Galar hatte fast schon den Durchgang zum Hafen erreicht, als er sah, woher der schleifende Laut stammte. Eine Felsplatte, so breit wie der Tunnel, senkte sich langsam von der Decke hinab. Quälend langsam. Zoll um Zoll.

»Komm!« Hornbori stand am Durchgang zum Hafen und winkte ihm. »Mach schnell!«

Galar blickte zur Decke. Es gab keinen Grund, sich zu beeilen. »Was für ein Scheiß ist das?« Er sah zurück zu dem Tatzelwurm. Die Bestie packte den Rucksack mit einem ihrer Krallenfüße, schlug ihre Fänge hinein und zerfetzte ihn nun ganz. Glas klirrte auf den Boden. Flaschen aus Silberblech klapperten auf dem Stein. Ein paar Pergamente flatterten durch die Luft. Sein Lebenswerk war vernichtet.

»Los!«

Galar trat durch den Eingang. Der Hafen von Hornboris Sippe lag in einer natürlichen Höhle. Er war nicht wirklich groß. Auf einem Holzgerüst am Rand des Beckens ruhte ein Aal. Auf den ersten Blick sah es so aus, als sei das Tauchboot vollendet.

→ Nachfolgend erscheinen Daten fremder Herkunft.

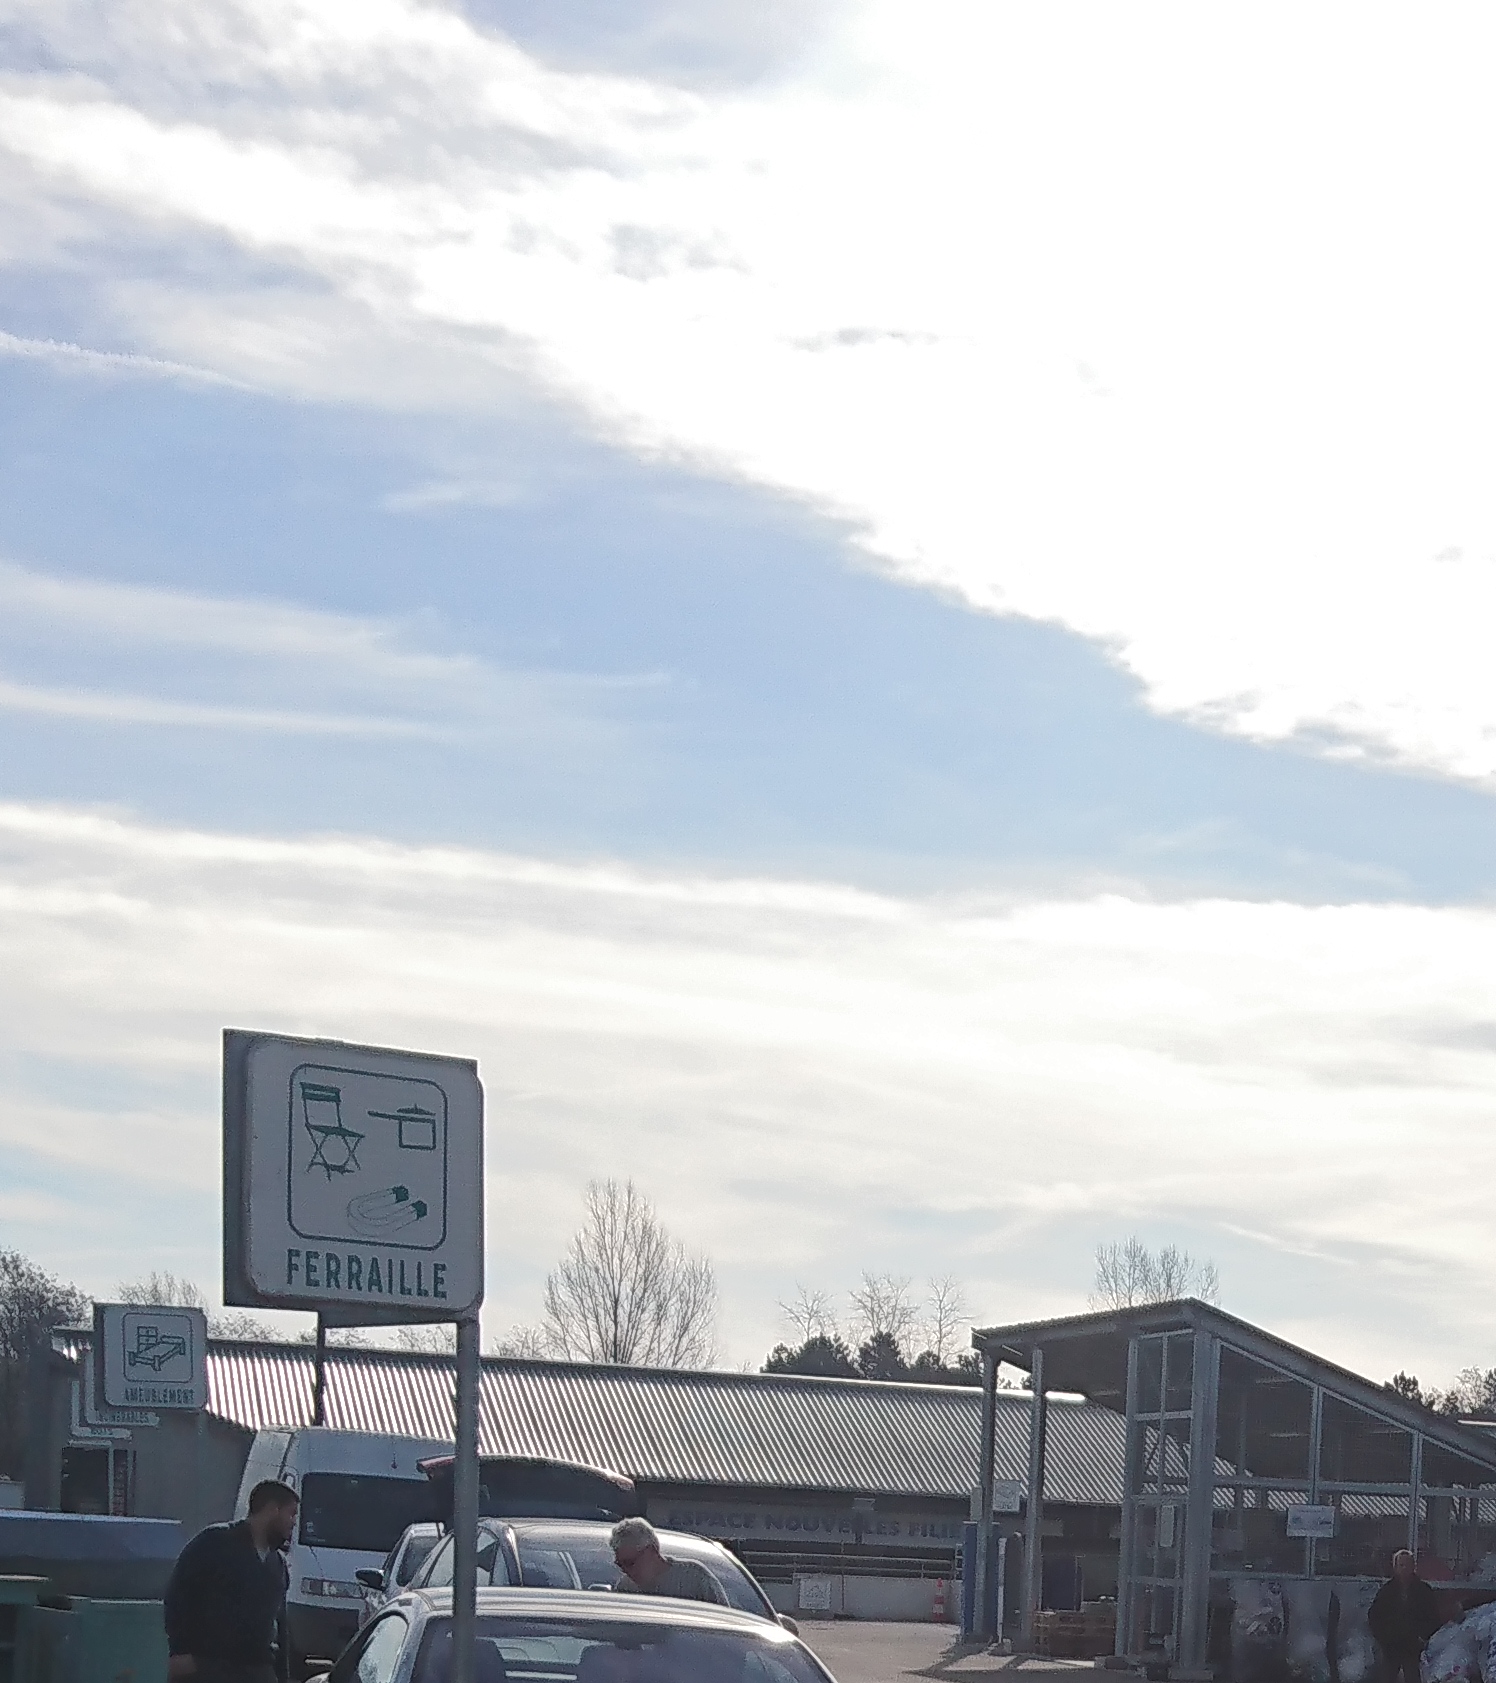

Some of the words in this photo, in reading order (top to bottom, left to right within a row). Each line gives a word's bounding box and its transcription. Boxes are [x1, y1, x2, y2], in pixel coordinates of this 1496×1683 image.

Nyr stand nahe dem Durchgang dicht gegen die Wand geduckt und schirmte mit seinem Leib das Licht des Barinsteins ab. Frar war munter. Er hatte eine seiner kleinen Hände in die kümmerlichen Reste von Nyrs Bart gekrallt und zog mit großer Begeisterung daran.

Dicht neben dem Richtschützen quoll feiner, weißer Sand aus einem Loch in der Felswand. Auf der anderen Seite des Durchgangs gab es noch ein zweites Loch, aus dem sich Sand ergoss.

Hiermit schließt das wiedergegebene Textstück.